In a first for the Tour de France, a professional cycling team is using a blood-testing technology that almost instantly tells riders how their bodies are reacting to training and racing, and it could change how the world’s best bike racers prepare for target events.
The device, called Ember, is made by California-based Cercacor Laboratories and tracks hemoglobin and other biomarkers. It was launched last year at the Consumer Electronics Show, but this is the fist time a full pro cycling team, LottoNL–Jumbo, is using the device at the sport’s highest level.
Unlike a traditional test that draws a drop of blood with a finger prick, Ember uses only light waves, so it’s noninvasive. Riders insert a finger into a clip sensor, and the device measures the flow of blood through arteries using LED technology and algorithms.
This use of LED technology has already been shown to work effectively in other kinds of blood tests, such as those that screen for conditions like anemia.
Ember, which the company refers to as “essentially a pocket laboratory,” is smaller than an iPhone and connects via Bluetooth to a phone or tablet.
Whereas it used to take days or weeks to get test results, Ember gives riders data about their bodies on their phone screens within 90 seconds. It comes in two versions, Ember Sport Premium ($700) and Ember Sport ($400).
Optimizing high-altitude training
Ember measures hemoglobin, oxygen content, oxygen saturation, perfusion index, pleth-variability index, pulse rate, and respiration rate. A key biomarker for endurance athletes is hemoglobin, the protein contained in red blood cells responsible for delivery of oxygen to tissues.
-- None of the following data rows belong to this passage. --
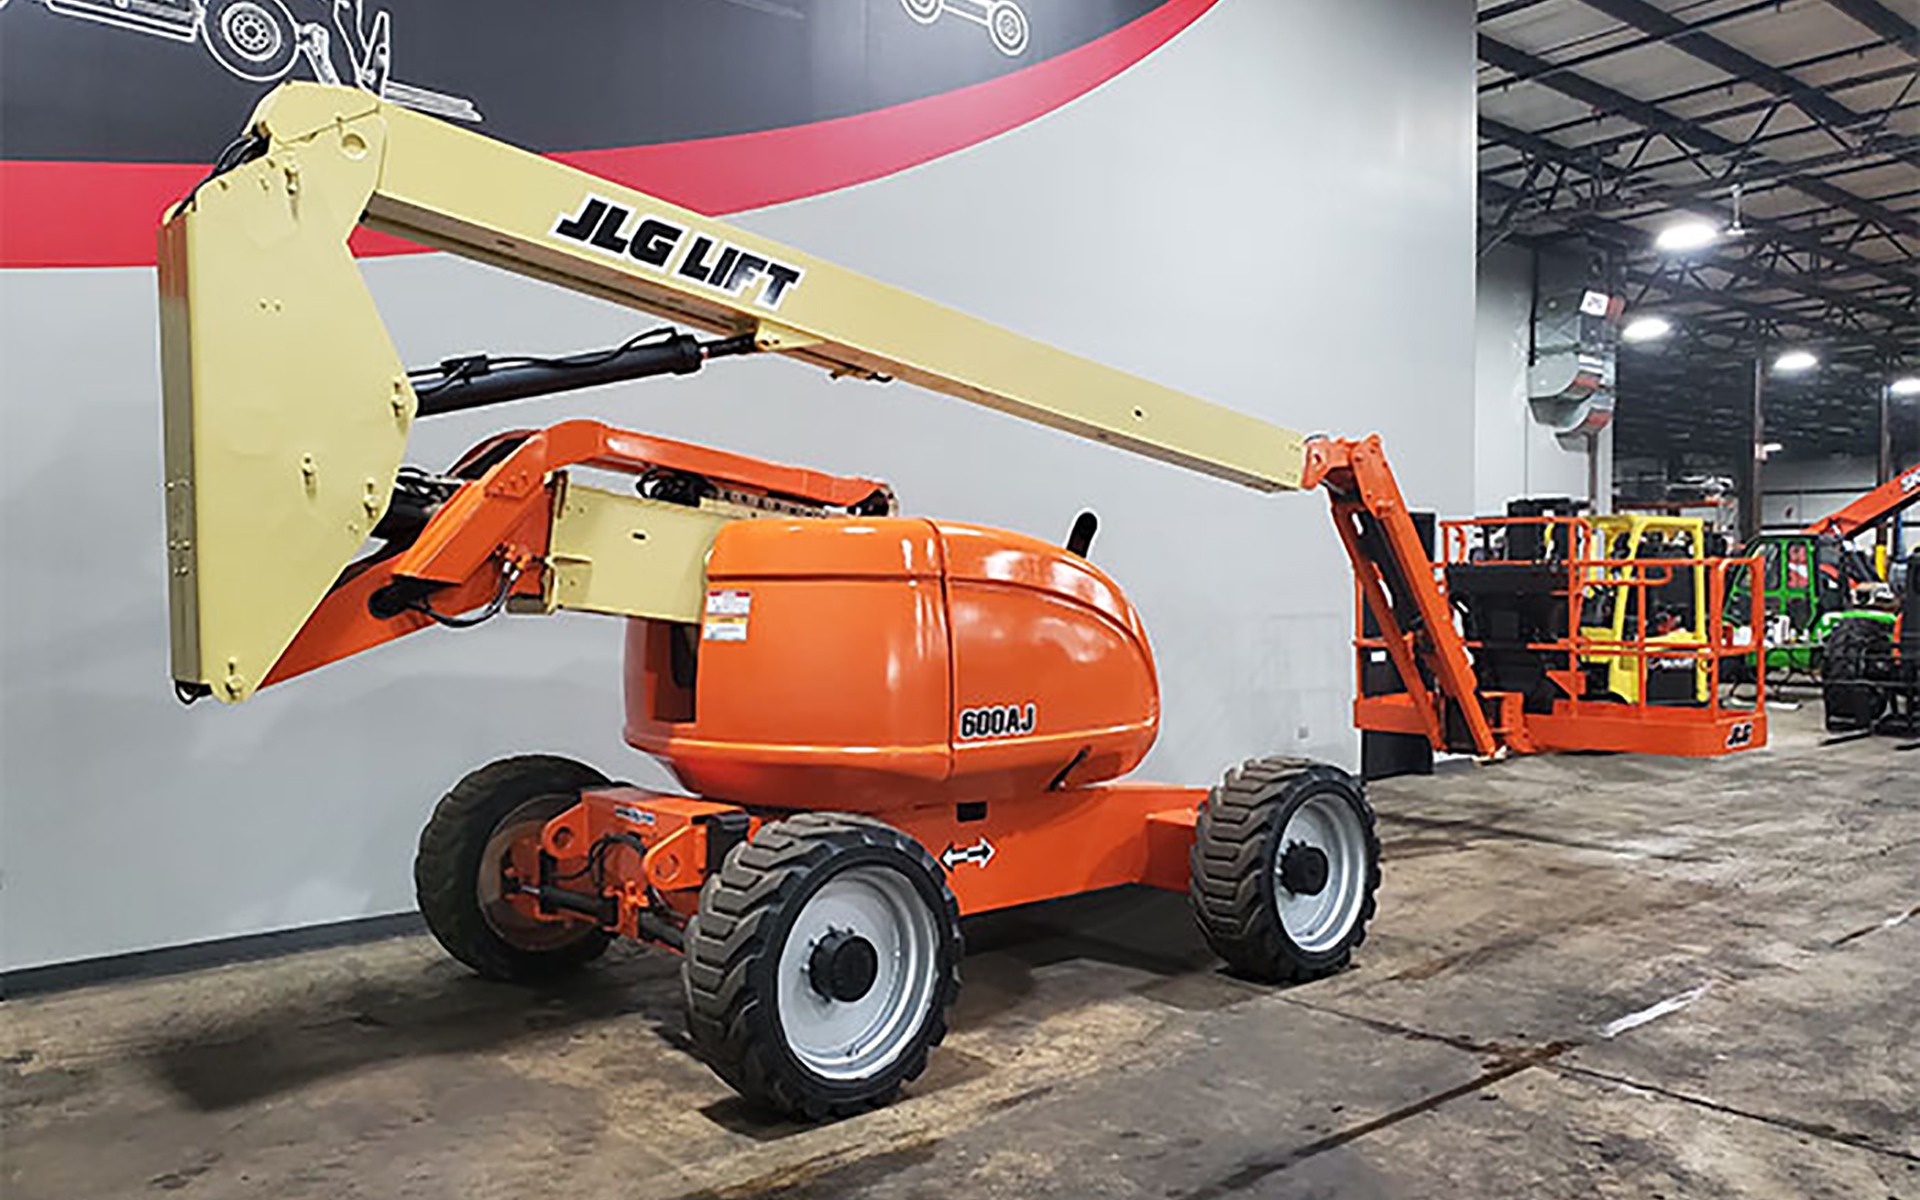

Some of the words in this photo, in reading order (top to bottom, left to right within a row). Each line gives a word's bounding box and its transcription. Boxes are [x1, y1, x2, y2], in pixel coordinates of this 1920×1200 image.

[554, 196, 685, 269] JLG
[677, 235, 802, 306] LIFT
[960, 705, 1035, 738] 600AJ
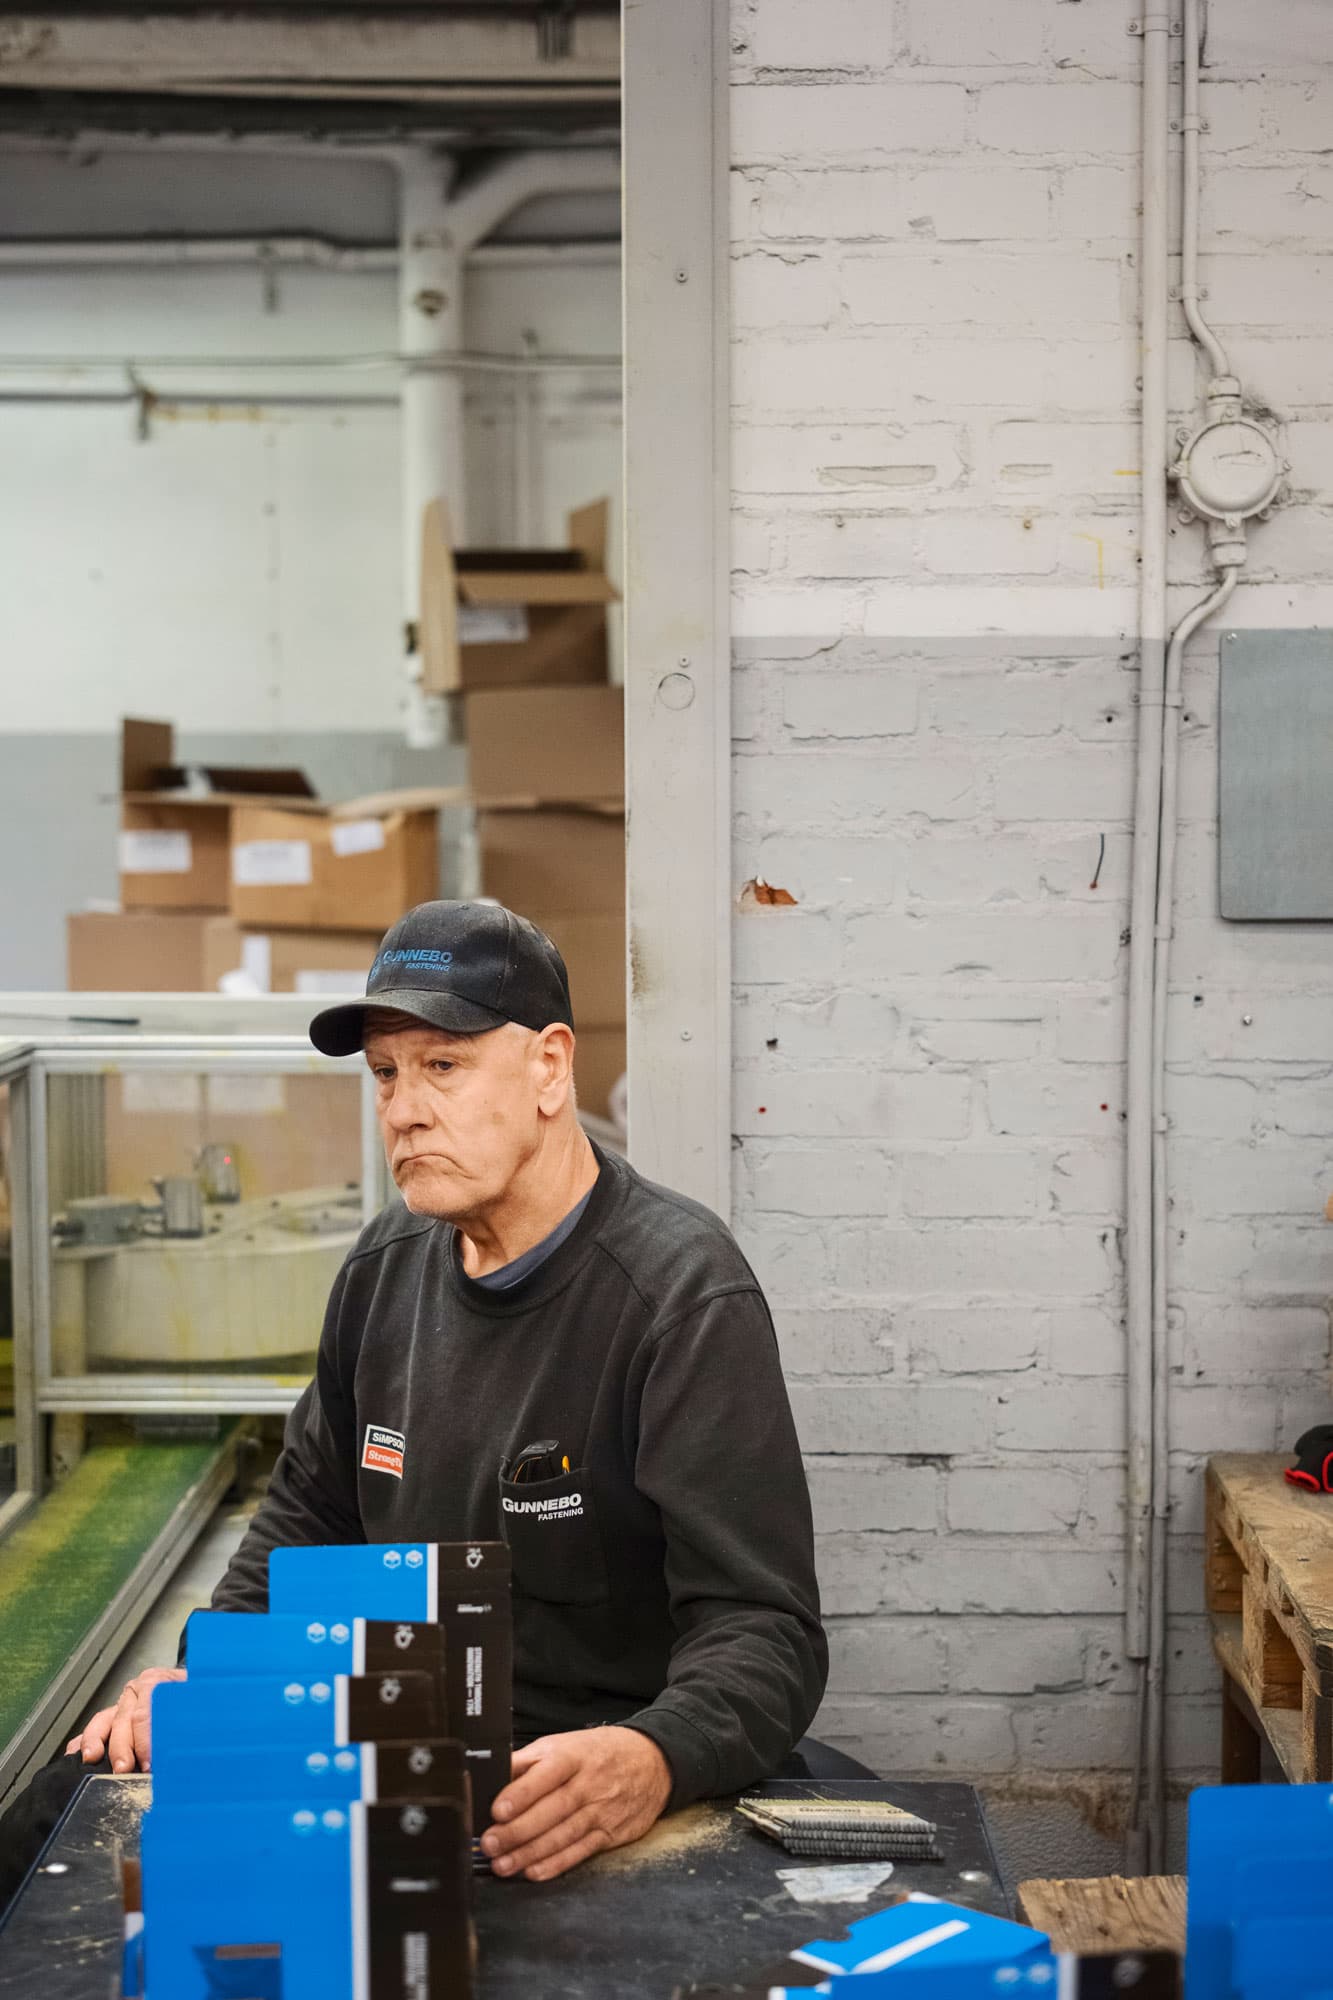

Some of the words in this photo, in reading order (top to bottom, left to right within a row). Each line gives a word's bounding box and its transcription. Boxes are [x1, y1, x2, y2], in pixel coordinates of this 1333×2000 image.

[383, 949, 453, 963] GUNNEBO
[405, 962, 450, 972] FASTENING
[502, 1493, 582, 1513] GUNNEBO
[538, 1507, 584, 1521] FASTENING
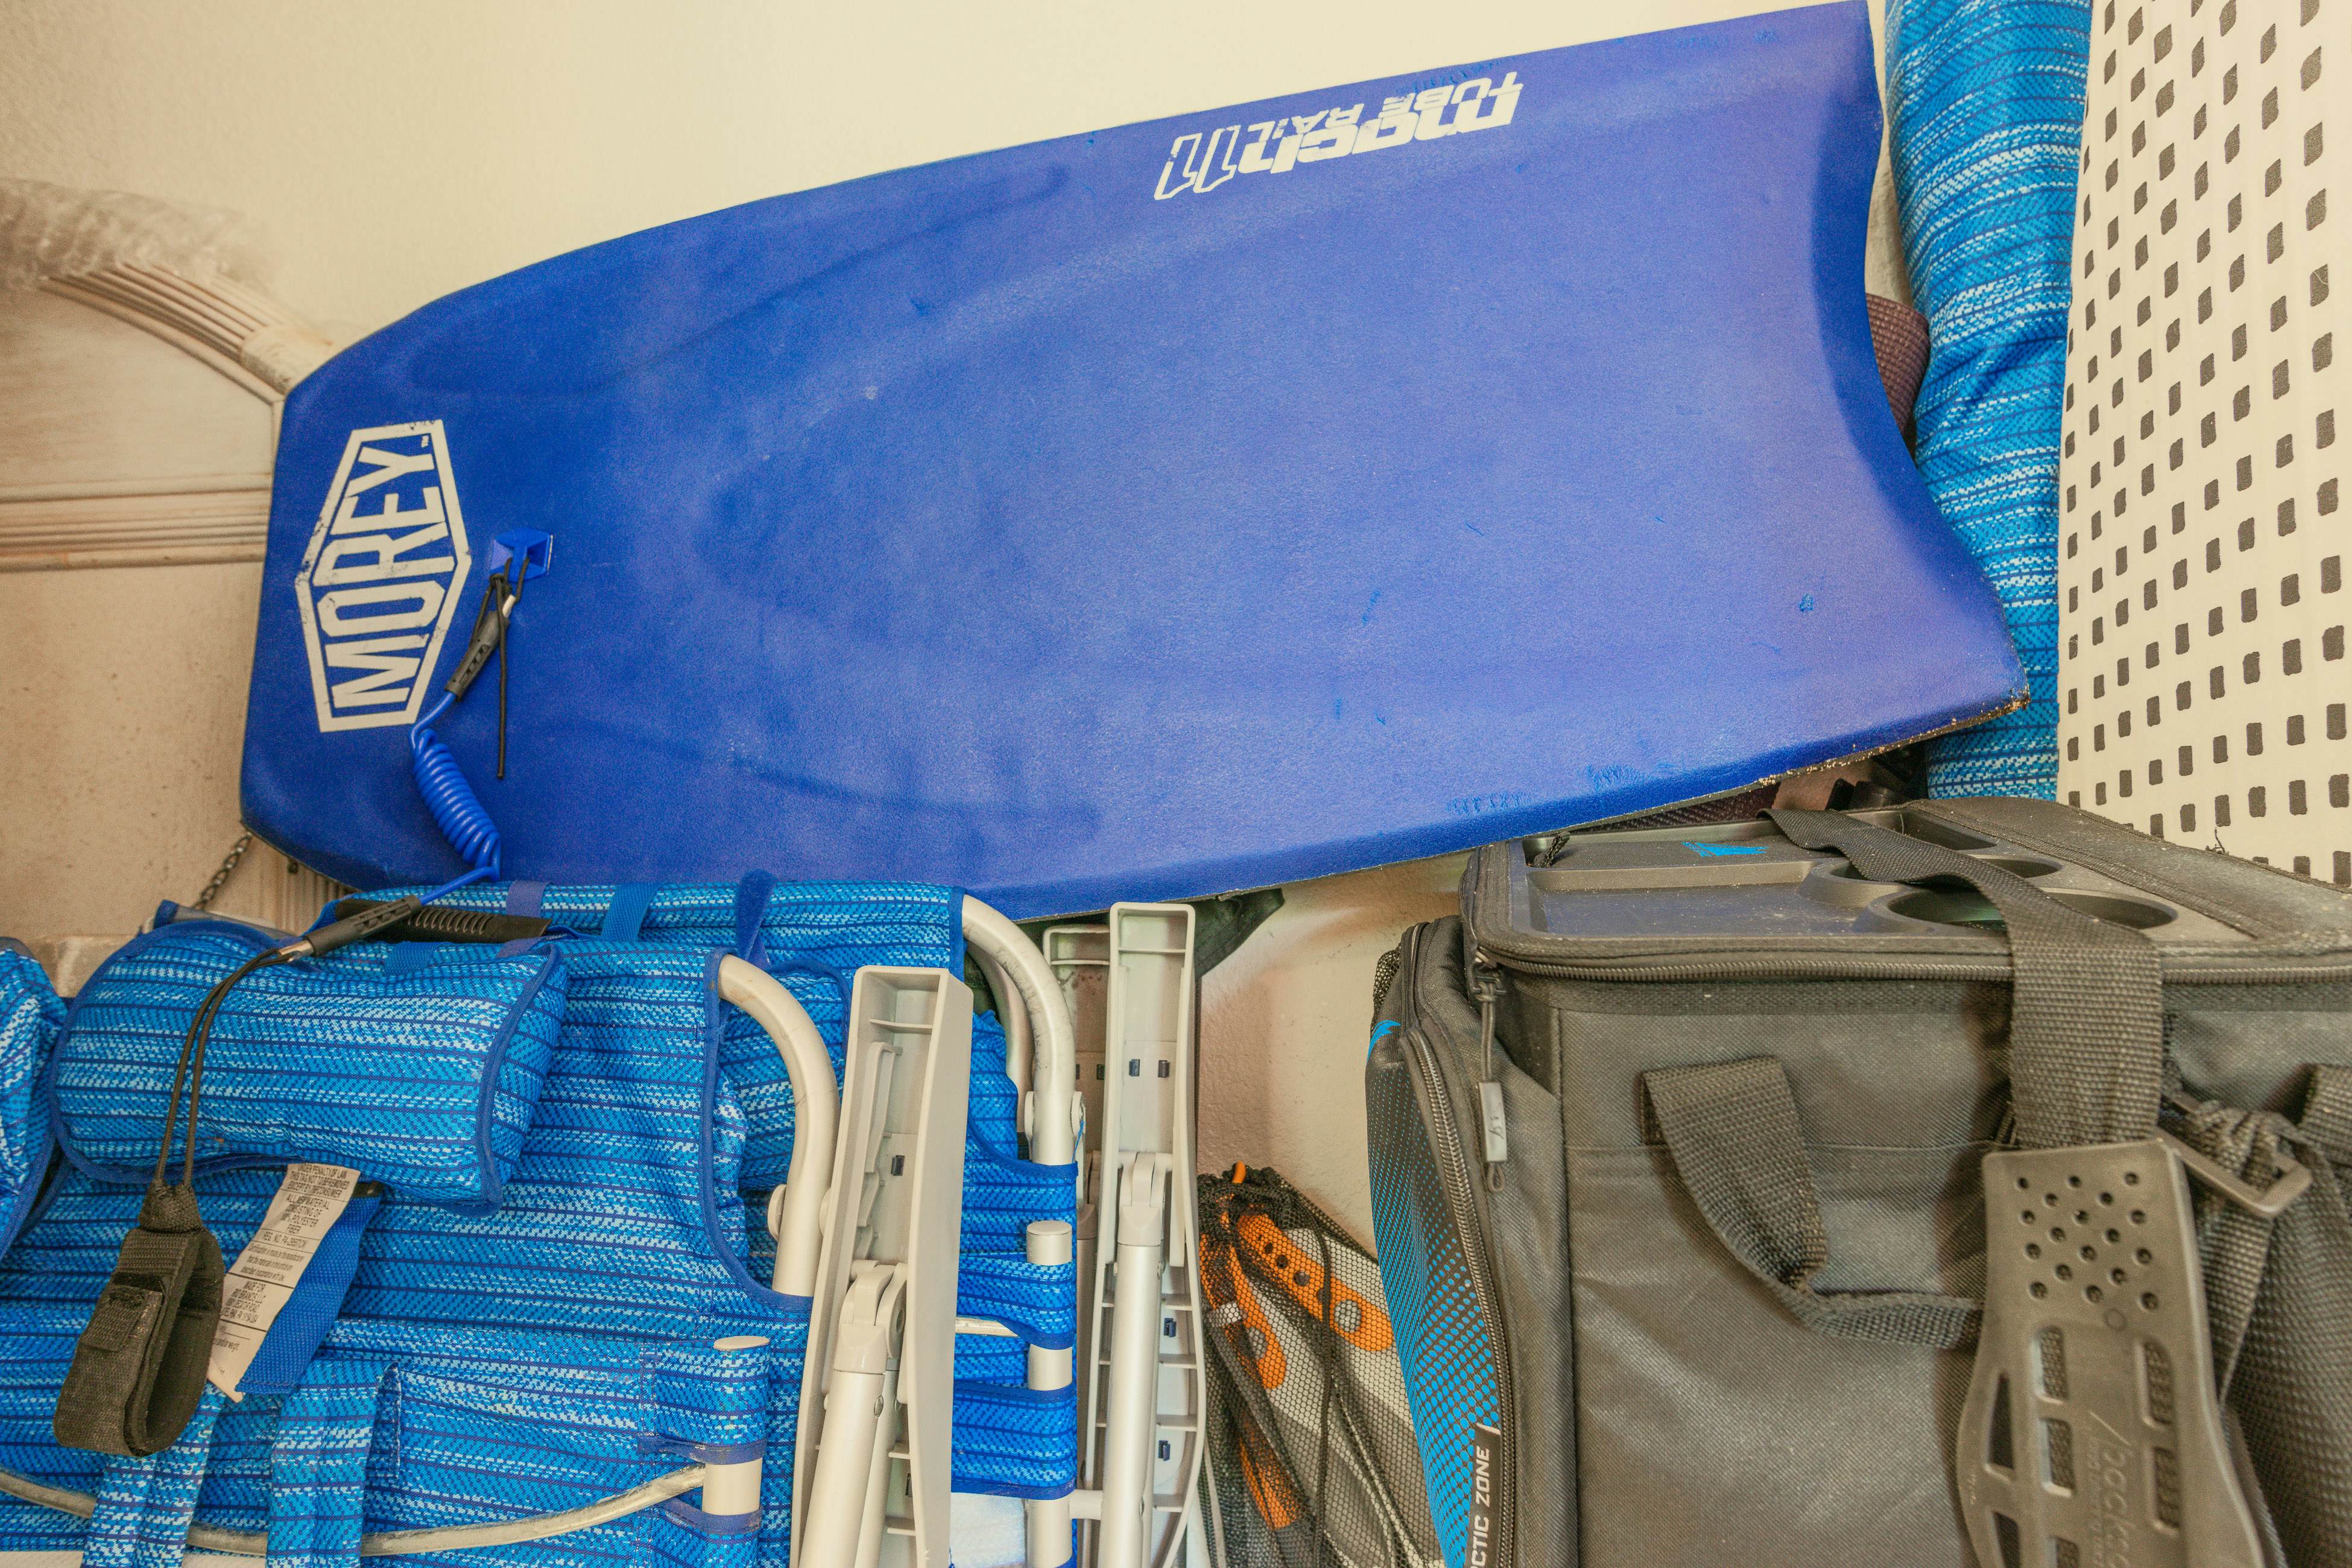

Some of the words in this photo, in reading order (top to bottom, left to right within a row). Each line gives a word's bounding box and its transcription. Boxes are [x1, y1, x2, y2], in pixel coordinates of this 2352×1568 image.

[1382, 72, 1523, 118] TUBE
[1247, 103, 1364, 142] RAIL
[312, 446, 455, 709] MOREY
[1475, 1446, 1490, 1507] ZONE
[1470, 1514, 1490, 1568] CTIC
The concentration of red blood cells, known as hematocrit, can be an important indicator of cycling performance. Generally, the higher a rider’s hematocrit, the better the rider will perform. It’s why many of the world’s top cyclists train at high altitude to boost their hematocrit before big races like the Tour.
While training in the high mountains does help boost hematocrit, it hasn’t always been easy or convenient for teams to measure the effectiveness of altitude training. Getting regular blood tests the traditional way is also expensive.
Cercacor says that by tracking riders’ levels of hemoglobin and other biomarkers when they wake up, after workouts, and before they go to sleep, Ember lets the athletes measure their bodies’ response to the duration and intensity of training, recovery time, and elevation and adjust their programs as needed.
The data can help riders decide with greater accuracy whether they should rest more, maintain their training program, or train harder. It also helps teams decide how much altitude training is sufficient and how long the effects of altitude training will last once back down at sea level, which can be game-changing when fine-tuning the body for target events.
Cercacor says Vassilis Mougios, a professor of biochemistry at the University of Thessaloniki, has worked with the company and run several studies with athletes who use Ember. It also said it held a roundtable in January in Boulder, Colorado, at TrainingPeaks‘ headquarters with well-known cycling coaches, including Ben Day and Neal Henderson, to get feedback about Ember and the app. Cercacor says it is planning to incorporate changes based on their input.
The Netherlands-registered Team LottoNL–Jumbo said several of its athletes had been using Ember while training for the Tour and other races this season. The team can tweak riders’ training programs, build a historical record, and segment and track the team’s collective data.
Mathieu Heijboer, the head of performance for LottoNL–Jumbo, says he began using Ember with some of his riders to help assess daily recovery during a three-week training bloc at altitude before racing in the recent Giro d’Italia, where one of its riders, Jos van Emden, won the final-stage time trial.
While the team was at altitude, Heijboer said, he saw that riders’ subjective feedback about how they felt each morning — regarding pain, readiness, and so forth — actually matched their hemoglobin numbers consistently, though that is obviously anecdotal and not scientific.
“When a rider felt tired or less strong, his hemoglobin values were below baseline,” the team said. “The opposite was also true.”
Fine-tuning for the Tour
George Bennett said he used Ember while training for May’s Tour of California, which he won.
“My season has been built around specific targets, using altitude camps as a major part of my build up for each goal,” Bennett said. “I have been able to track my progress and the effectiveness of each altitude block as well as help my recovery and adaption using the Ember device.”
A spokesman for Cercacor told Business Insider that the company had a one-year partnership with LottoNL–Jumbo. While Cercacor provides the team with Ember devices, he added, it does not pay the team to use the product.
The Tour de France starts July 1 in Düsseldorf, Germany, and ends July 23 in Paris. Bennett is expected to join Robert Gesink as LottoNL–Jumbo’s two leaders.
Cercacor told Business Insider that both riders used Ember at a pre-Tour training camp and that the team would use Ember during the three-week race to test its riders’ hemoglobin levels and the other biomarkers.